Query me this…


Good intentions aside, it has been more than a week since my last blog entry.  Urrggg.  Fortunately, another post in the ADO.Net Tech Preview Forum has motivated me to get writing again.


The question was essentially: If I create a new entity and add it to my context, why isn’t it returned when I execute a query whose filter criteria should cover it?  The answer as was pointed out by another forum participant is that it won’t be returned unless you first call SaveChanges(), but is is a good question because it might be natural to expect that queries would return unsaved objects as well as saved ones—especially when you encounter a second behavior of the entity framework’s object services layer which is not immediately intuitive: identity resolution.

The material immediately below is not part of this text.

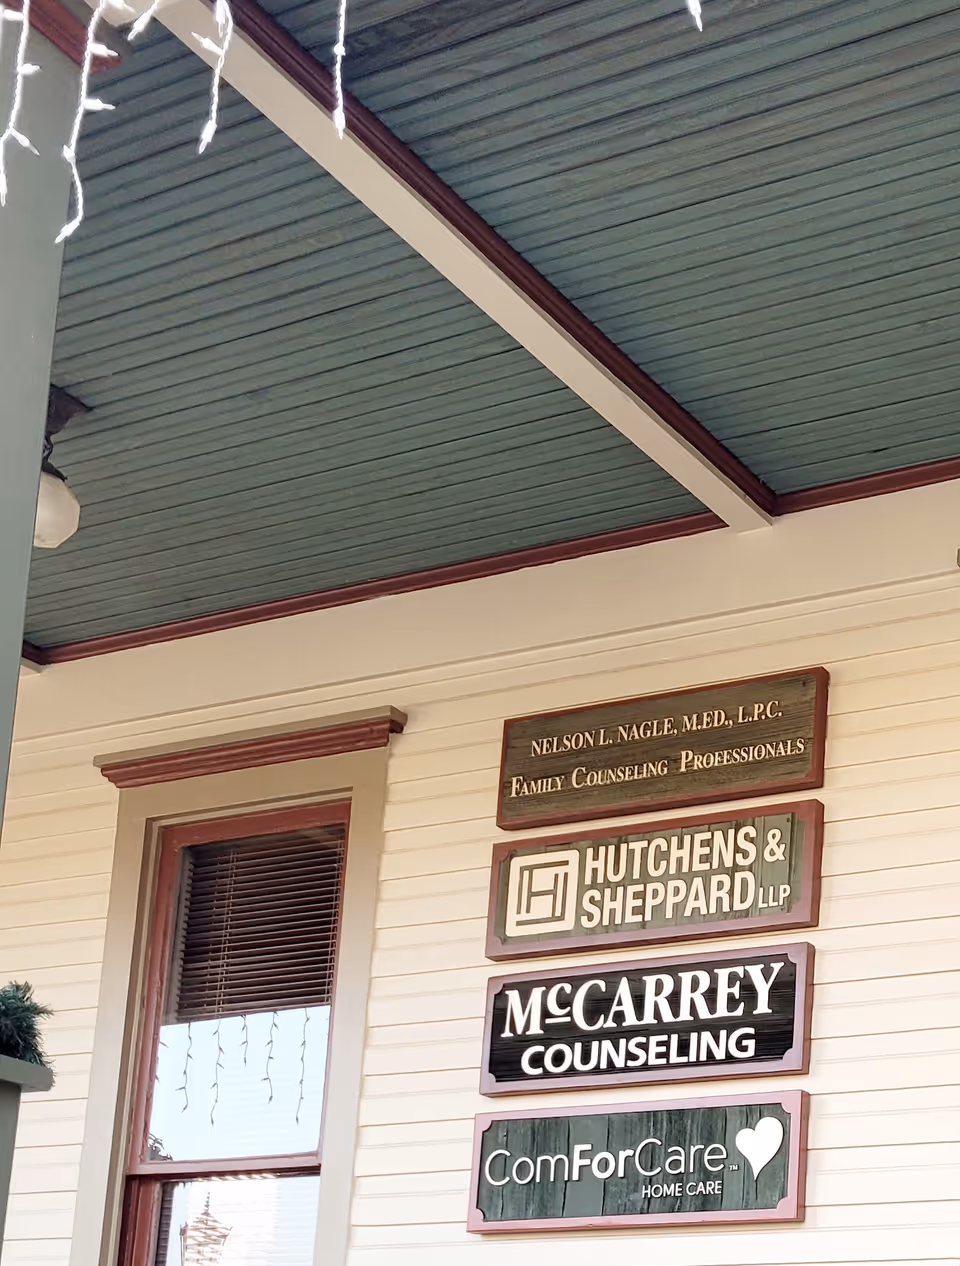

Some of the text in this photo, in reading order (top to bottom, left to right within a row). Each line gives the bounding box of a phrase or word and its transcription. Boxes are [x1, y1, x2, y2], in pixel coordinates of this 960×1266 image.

So, let’s take a look at these in a little more detail.  First, some sample code to make this a bit more concrete:


    // create a new item and save it to the database


    Item item1 = new Item();


    item1.Name = “shield”;


    item1.MonetaryValue = 5;


    db.AddObject(item1);


    db.SaveChanges();


 


    // dump the list of items


    foreach (Item item in db.Items.Where(“it.MonetaryValue < 10”))


    {


        Console.WriteLine(“{0} : {1}”, item.Name, item.MonetaryValue);


    }


 


    // create another new item, add it to the context but don’t save


    Item item2 = new Item();


    item2.Name = “sword”;


    item2.MonetaryValue = 5;


    db.AddObject(item2);


 


    // change the first item (it’s better than we thought)


    item1.Name = “big metal shield”;


    item1.MonetaryValue = 15;


 


    // dump the list again


    foreach(Item item in db.Items.Where(“it.MonetaryValue < 10”))


    {


        Console.WriteLine(“{0} : {1}”, item.Name, item.MonetaryValue);


    }


The first item list output will be just what you expect (assuming the items entityset was empty before this code runs).  It will just output a single line “shield : 5”.  The second time around dumping the list of items, though, will produce something that you might find a bit surprising.  The result will again be a single line “big metal shield : 15”.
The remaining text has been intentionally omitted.